In this episode of Web3 Unlocked, Kenzi Wang and Diksha Dutta speak to Lucas Vogelsang, CEO, and Founder of Centrifuge, focusing on bringing Real World Assets to Defi since the early days of Ethereum. We cover the future of Defi, the Polkadot ecosystem, and Lucas’s experiences of being a founder in the web3 bear market. Here are edited excerpts from the interview.
Lucas had always been passionate about computers and coding. In 2017 after working in the tech space for seven years, he decided that he wanted to revolutionize the finance industry and use blockchain to build the backbone for financial transactions. That’s how Centrifuge was born and became a platform to help people access capital for future needs.
What makes Centrifuge Web3?
Banks have every incentive to maximize their share in every financial transaction. Web3’s goal is the opposite. Decentralized finance aims to have protocols that are modifiable, open source, and ultimately governed by the community. In this space, solutions are designed to be kept free or low-priced and easy to use.
Because Centrifuge is an open B2B commerce protocol with the tools to fuse walled-off silos of business data and business logic on a public, decentralized network traditionally - it fits right into the definition of Web3.

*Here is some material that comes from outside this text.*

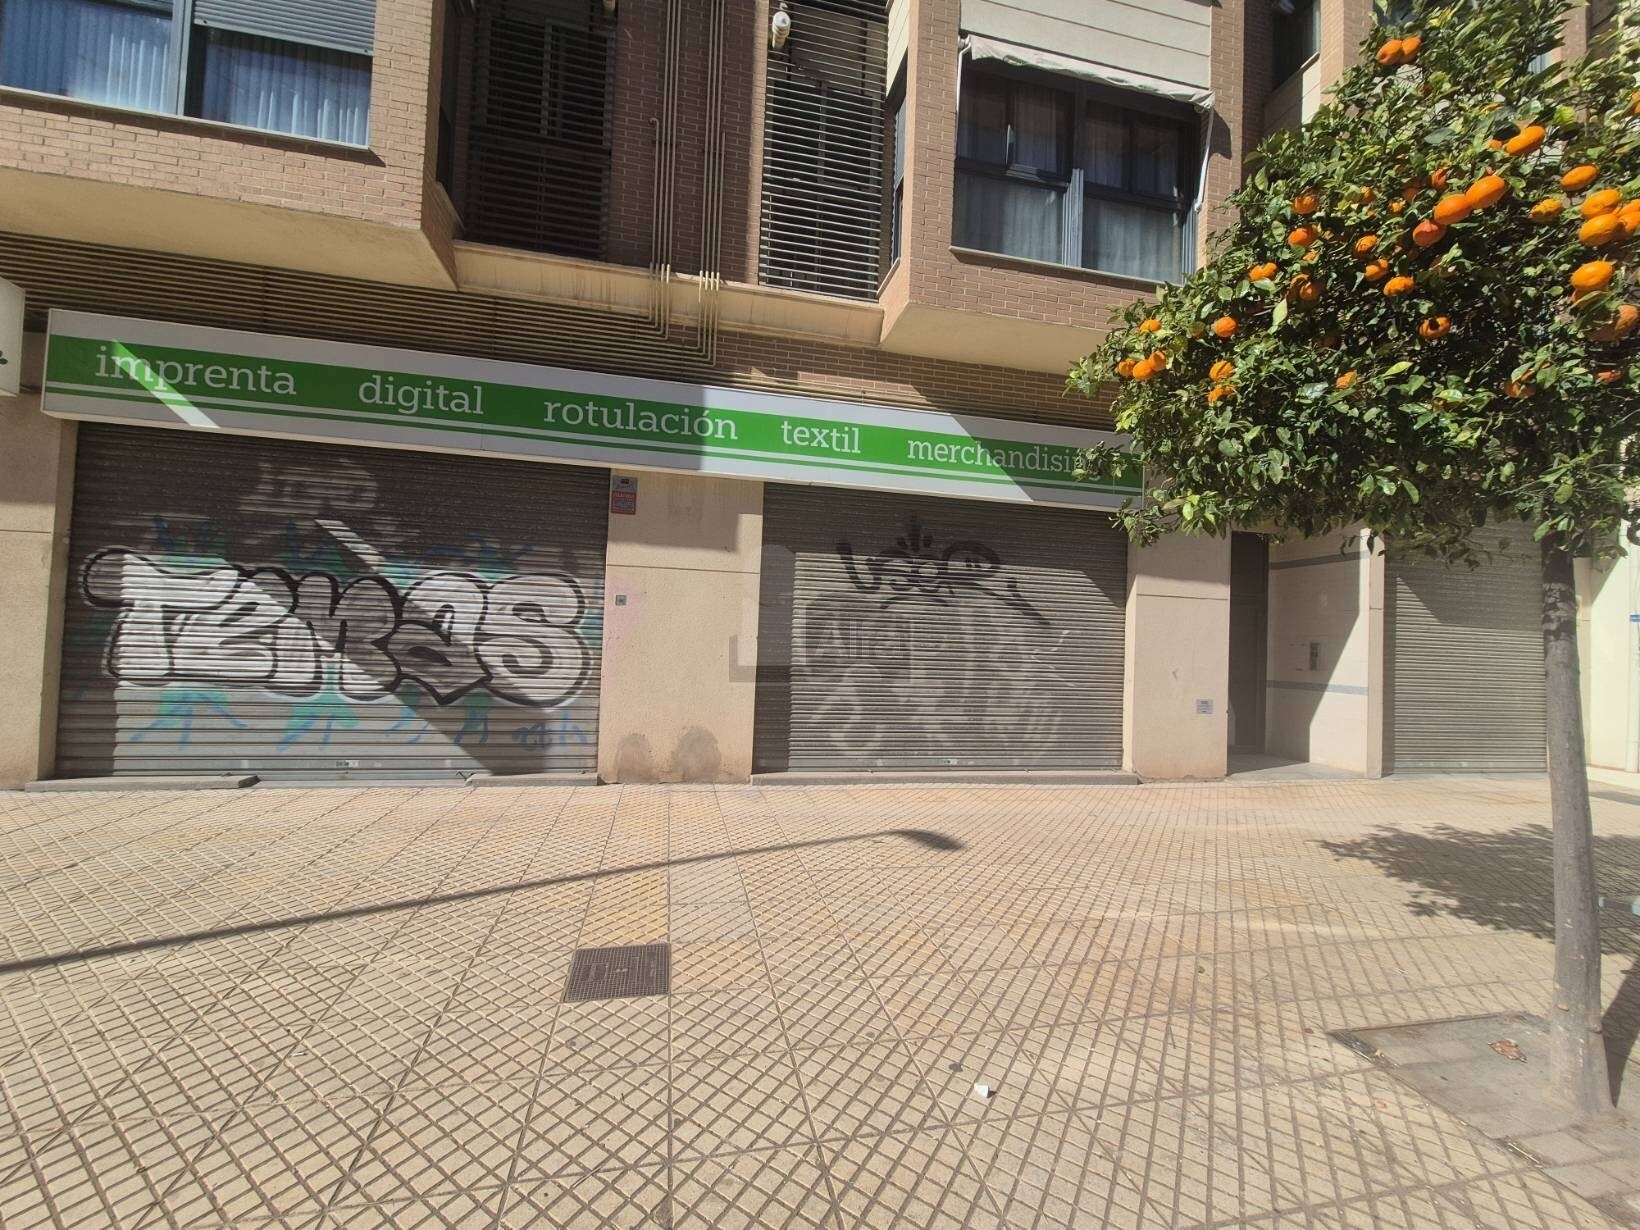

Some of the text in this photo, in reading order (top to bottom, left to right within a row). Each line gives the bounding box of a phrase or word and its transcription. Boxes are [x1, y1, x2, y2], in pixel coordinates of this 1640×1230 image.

[95, 345, 1101, 481] imprenta digital rotulación textil merchandisi

“Fundamentally, the idea of Web3 is that you give the users a choice and give the user the power to ensure that systems generate money so it can sustain itself.”
Web2 vs. Web 3: The difference
Smaller companies find it difficult to get loans from banks, whereas large international firms like Coca-Cola can raise loans to billions of dollars relatively quickly.

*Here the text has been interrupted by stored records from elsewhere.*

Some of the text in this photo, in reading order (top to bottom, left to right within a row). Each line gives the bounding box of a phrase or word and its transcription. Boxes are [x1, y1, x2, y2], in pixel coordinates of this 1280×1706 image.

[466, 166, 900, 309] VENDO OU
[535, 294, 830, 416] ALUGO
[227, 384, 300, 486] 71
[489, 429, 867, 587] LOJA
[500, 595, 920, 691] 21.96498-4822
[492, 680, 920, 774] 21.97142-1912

Web 2 is the internet version where payment services depend on your business's ticket size, and access to capital is easy for big players in the market. Additionally, servers for gig economy workers could go down and affect income, and payment services may not be allowed for certain kinds of work.
In Web3, everyone can use a service, payments are built in via native tokens, no personal data is required on apps, and no payment can be prevented, and web3 servers can’t go down because a decentralized network of 1000s of computers work together.
“We are at the dial-up stage of Web3. The technology is immature, and it is difficult to say what crypto will look like 10 or 20 years from now. We are building the foundation for it now. There is a lot of legal uncertainty too. The vast majority of founders spend a lot of time ensuring that what they are doing is somewhat compatible with the law and that the infrastructure is safe. It might be easy to figure out if you are violating privacy laws. However, there is no definition around tokens and what they can do.”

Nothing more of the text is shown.